[Material supplied — start]

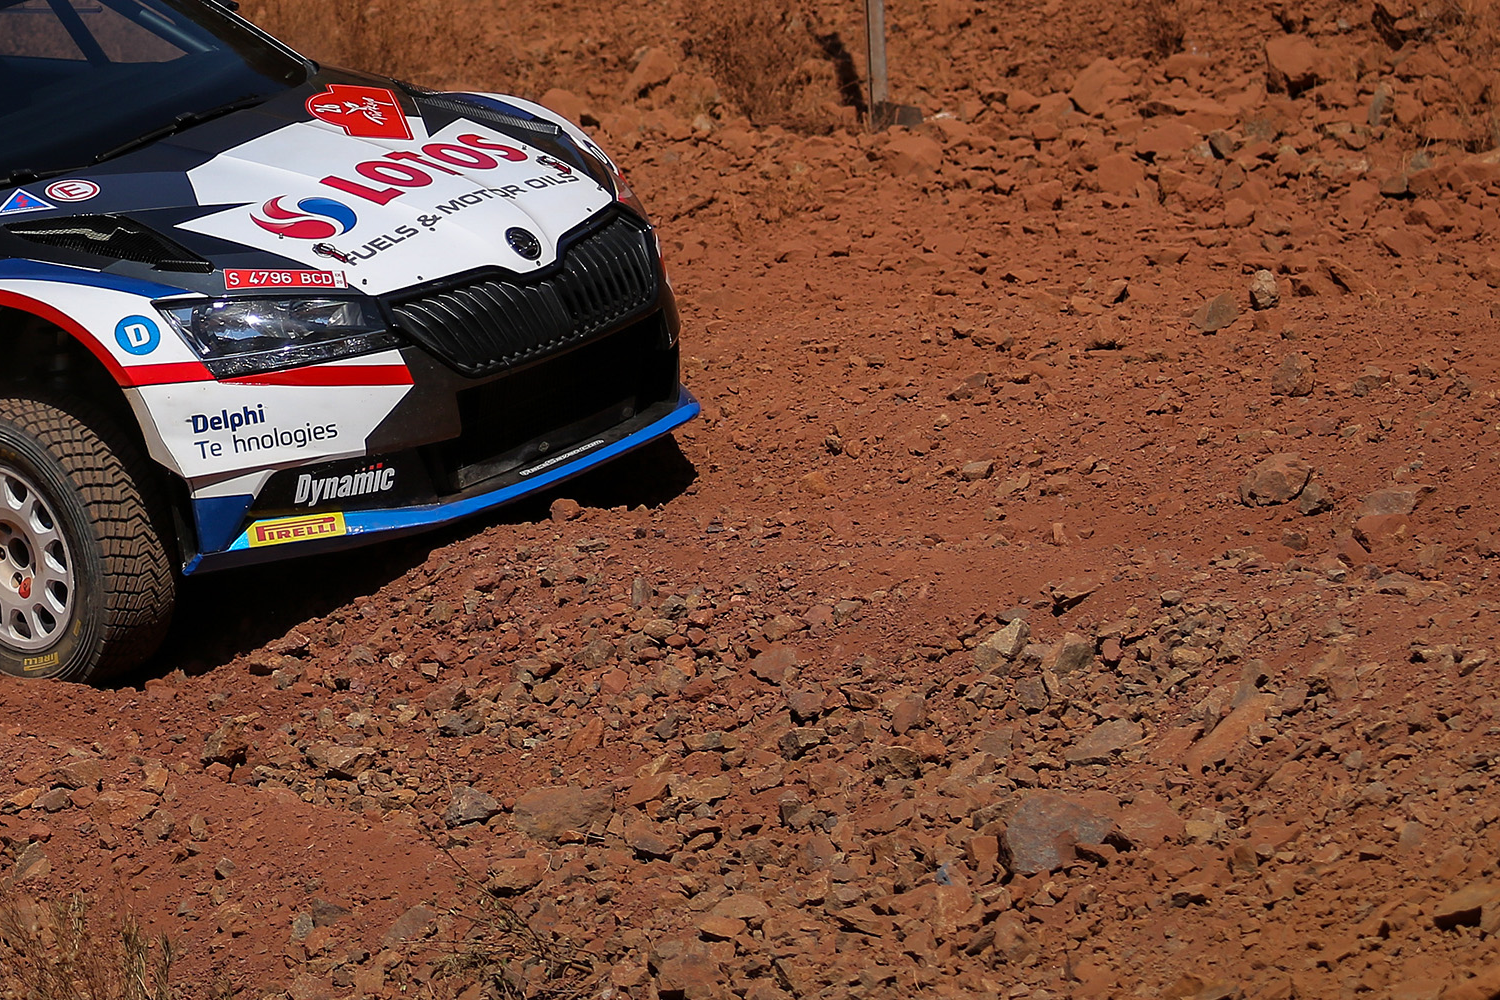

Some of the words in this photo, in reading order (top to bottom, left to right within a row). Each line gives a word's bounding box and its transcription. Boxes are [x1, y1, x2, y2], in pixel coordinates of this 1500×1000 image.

[320, 133, 529, 206] LOTOS
[416, 213, 443, 228] &
[435, 184, 528, 215] MOTOR
[523, 171, 580, 190] OILS
[228, 272, 240, 286] S
[249, 271, 293, 285] 4796
[300, 272, 333, 285] BCD
[123, 323, 151, 348] D
[190, 403, 266, 434] Delphi
[294, 464, 396, 507] Dynamic
[256, 516, 337, 542] PIRELLI
[23, 651, 60, 672] PIRELLI
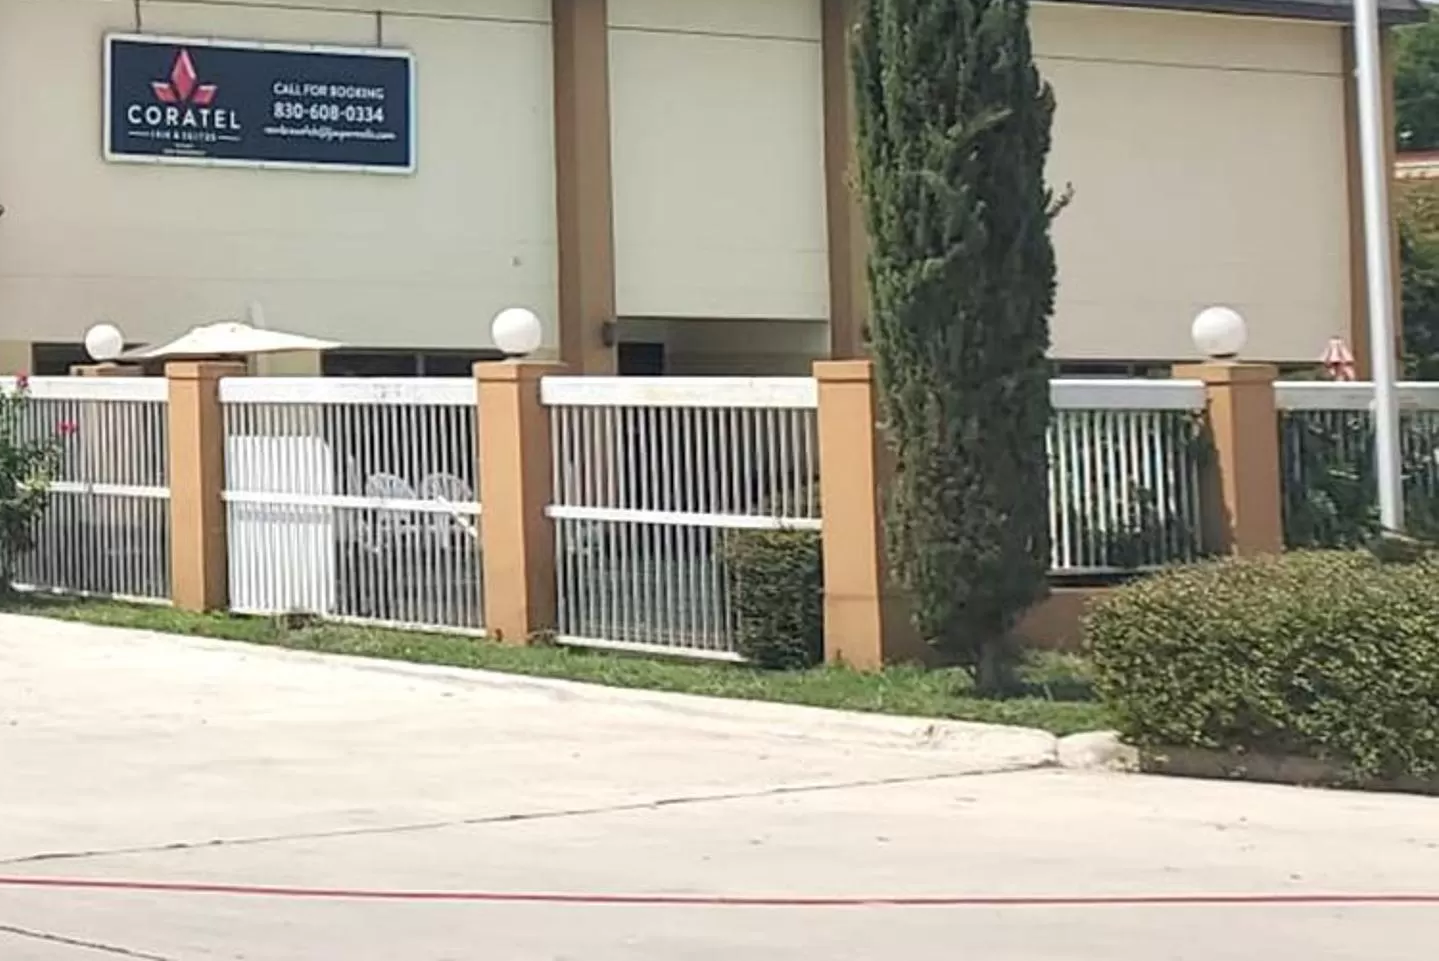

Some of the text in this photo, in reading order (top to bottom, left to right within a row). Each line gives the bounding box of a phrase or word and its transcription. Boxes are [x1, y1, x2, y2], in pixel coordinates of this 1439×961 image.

[273, 82, 385, 100] CALL FOR BOOKING
[127, 104, 241, 130] CORATEL
[273, 102, 385, 123] 830-608-0334

[Material supplied — finish]

**Exercise aim:** Copy out the listing exactly as it stands, but not the pictures.

**Your solution:**
Some of the words in this photo, in reading order (top to bottom, left to right within a row). Each line gives a word's bounding box and its transcription. Boxes are [x1, y1, x2, y2], in pixel coordinates of this 1500×1000 image.

[320, 133, 529, 206] LOTOS
[416, 213, 443, 228] &
[435, 184, 528, 215] MOTOR
[523, 171, 580, 190] OILS
[228, 272, 240, 286] S
[249, 271, 293, 285] 4796
[300, 272, 333, 285] BCD
[123, 323, 151, 348] D
[190, 403, 266, 434] Delphi
[294, 464, 396, 507] Dynamic
[256, 516, 337, 542] PIRELLI
[23, 651, 60, 672] PIRELLI

Some of the text in this photo, in reading order (top to bottom, left to right within a row). Each line gives the bounding box of a phrase or word and its transcription. Boxes are [x1, y1, x2, y2], in pixel coordinates of this 1439×961 image.

[273, 82, 385, 100] CALL FOR BOOKING
[127, 104, 241, 130] CORATEL
[273, 102, 385, 123] 830-608-0334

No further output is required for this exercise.